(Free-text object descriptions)
= Beginning of Section =

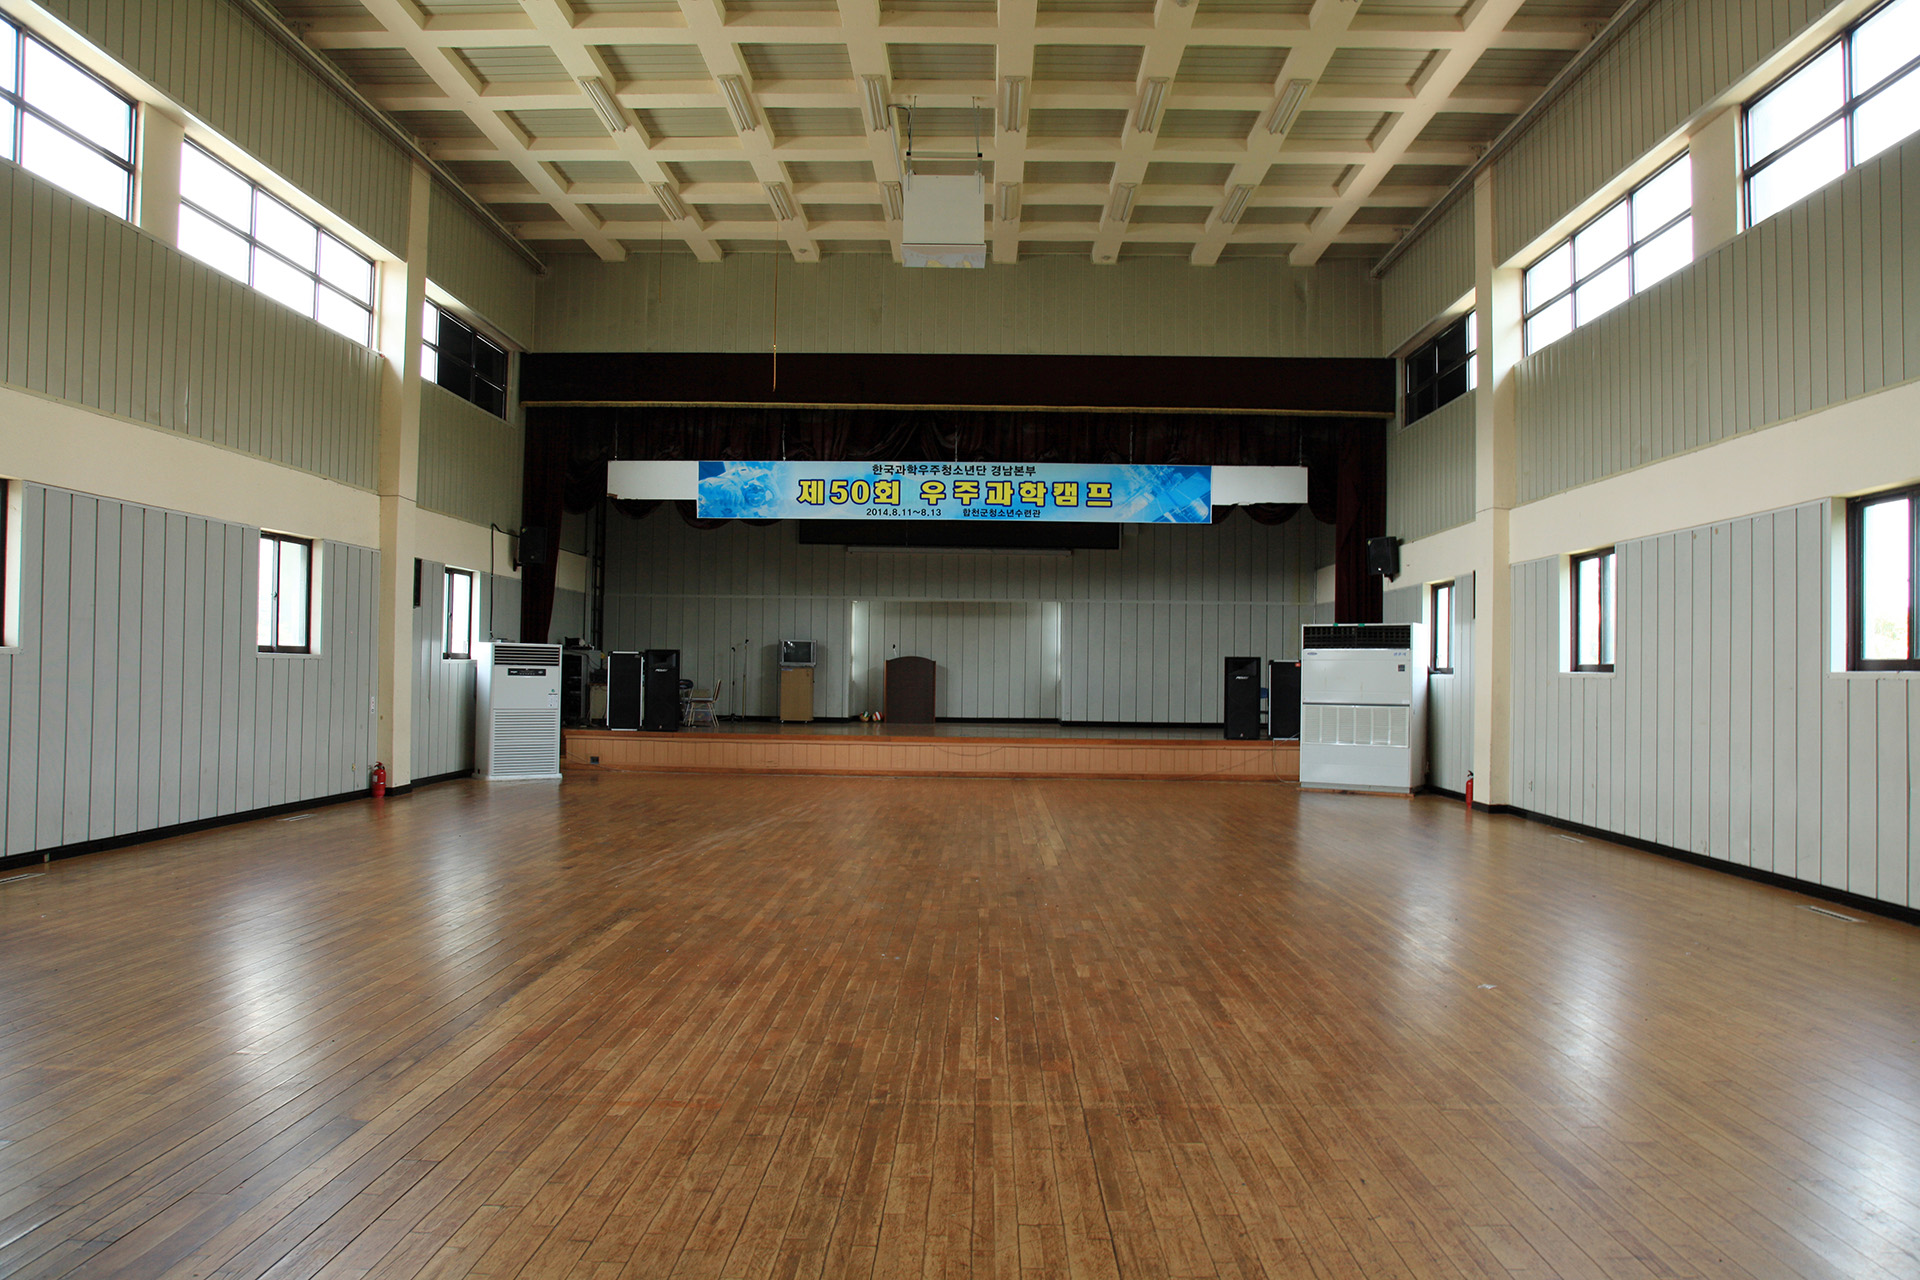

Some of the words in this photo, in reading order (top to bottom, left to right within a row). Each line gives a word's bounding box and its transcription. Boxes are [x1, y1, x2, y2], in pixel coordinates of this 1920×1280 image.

[872, 464, 987, 477] 한국과학우주청소년단
[991, 465, 1037, 477] 경남본부
[797, 479, 900, 505] 제50회
[920, 480, 1113, 508] 우주과학캠프
[866, 508, 942, 517] 2014.8.11~8.13
[962, 508, 1041, 518] 합천군청소년수련관

= End of Section =

▸ **What needs to be done**
Without the images, write out each line of the data verbatim.

▸ **Result of the task**
Some of the words in this photo, in reading order (top to bottom, left to right within a row). Each line gives a word's bounding box and its transcription. Boxes are [x1, y1, x2, y2], in pixel coordinates of this 1920×1280 image.

[872, 464, 987, 477] 한국과학우주청소년단
[991, 465, 1037, 477] 경남본부
[797, 479, 900, 505] 제50회
[920, 480, 1113, 508] 우주과학캠프
[866, 508, 942, 517] 2014.8.11~8.13
[962, 508, 1041, 518] 합천군청소년수련관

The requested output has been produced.